### Exercise aim
For this exercise, write out each entry below exactly, omitting the images.

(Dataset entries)
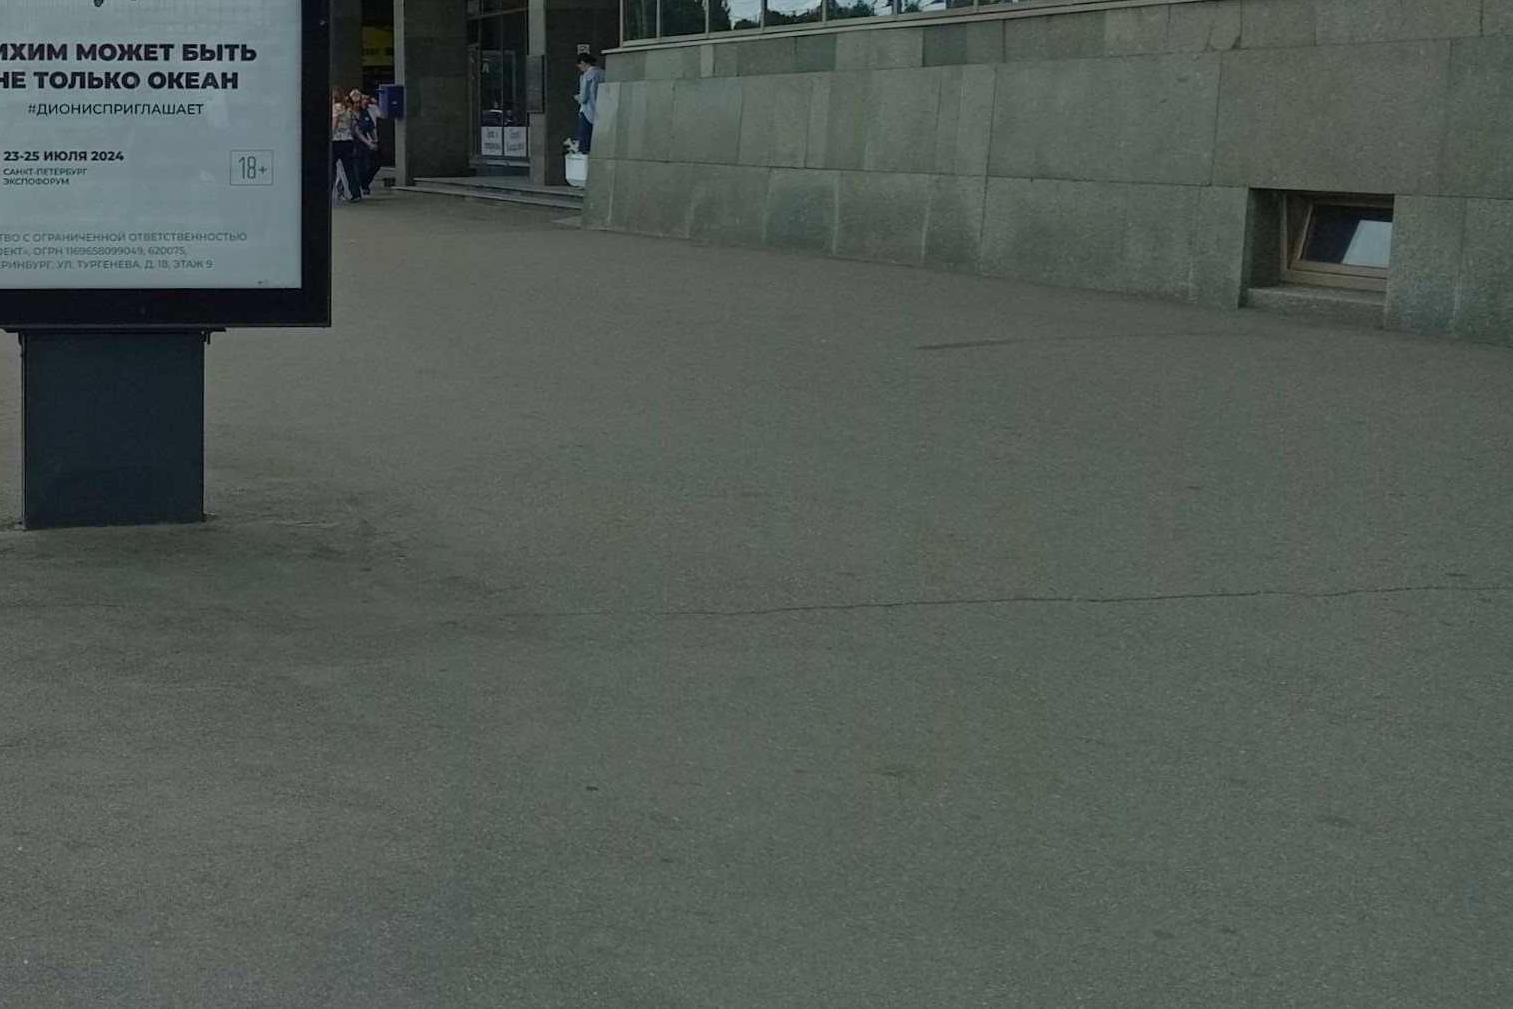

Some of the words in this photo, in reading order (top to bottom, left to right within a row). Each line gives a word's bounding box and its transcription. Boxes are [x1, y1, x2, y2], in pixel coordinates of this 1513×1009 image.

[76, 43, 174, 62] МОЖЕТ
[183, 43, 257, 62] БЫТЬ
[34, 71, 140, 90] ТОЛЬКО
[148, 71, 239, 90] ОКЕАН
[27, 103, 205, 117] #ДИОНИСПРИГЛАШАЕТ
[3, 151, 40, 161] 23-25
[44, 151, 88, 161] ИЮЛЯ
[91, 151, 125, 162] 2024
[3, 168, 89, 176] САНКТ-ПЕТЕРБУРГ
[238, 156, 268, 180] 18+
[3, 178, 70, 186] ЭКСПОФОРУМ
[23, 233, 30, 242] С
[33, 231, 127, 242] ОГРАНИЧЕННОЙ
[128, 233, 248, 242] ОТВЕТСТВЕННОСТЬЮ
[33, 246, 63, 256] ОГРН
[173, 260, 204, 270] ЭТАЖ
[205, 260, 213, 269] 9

### Output for this task
Some of the words in this photo, in reading order (top to bottom, left to right within a row). Each line gives a word's bounding box and its transcription. Boxes are [x1, y1, x2, y2], in pixel coordinates of this 1513×1009 image.

[76, 43, 174, 62] МОЖЕТ
[183, 43, 257, 62] БЫТЬ
[34, 71, 140, 90] ТОЛЬКО
[148, 71, 239, 90] ОКЕАН
[27, 103, 205, 117] #ДИОНИСПРИГЛАШАЕТ
[3, 151, 40, 161] 23-25
[44, 151, 88, 161] ИЮЛЯ
[91, 151, 125, 162] 2024
[3, 168, 89, 176] САНКТ-ПЕТЕРБУРГ
[238, 156, 268, 180] 18+
[3, 178, 70, 186] ЭКСПОФОРУМ
[23, 233, 30, 242] С
[33, 231, 127, 242] ОГРАНИЧЕННОЙ
[128, 233, 248, 242] ОТВЕТСТВЕННОСТЬЮ
[33, 246, 63, 256] ОГРН
[173, 260, 204, 270] ЭТАЖ
[205, 260, 213, 269] 9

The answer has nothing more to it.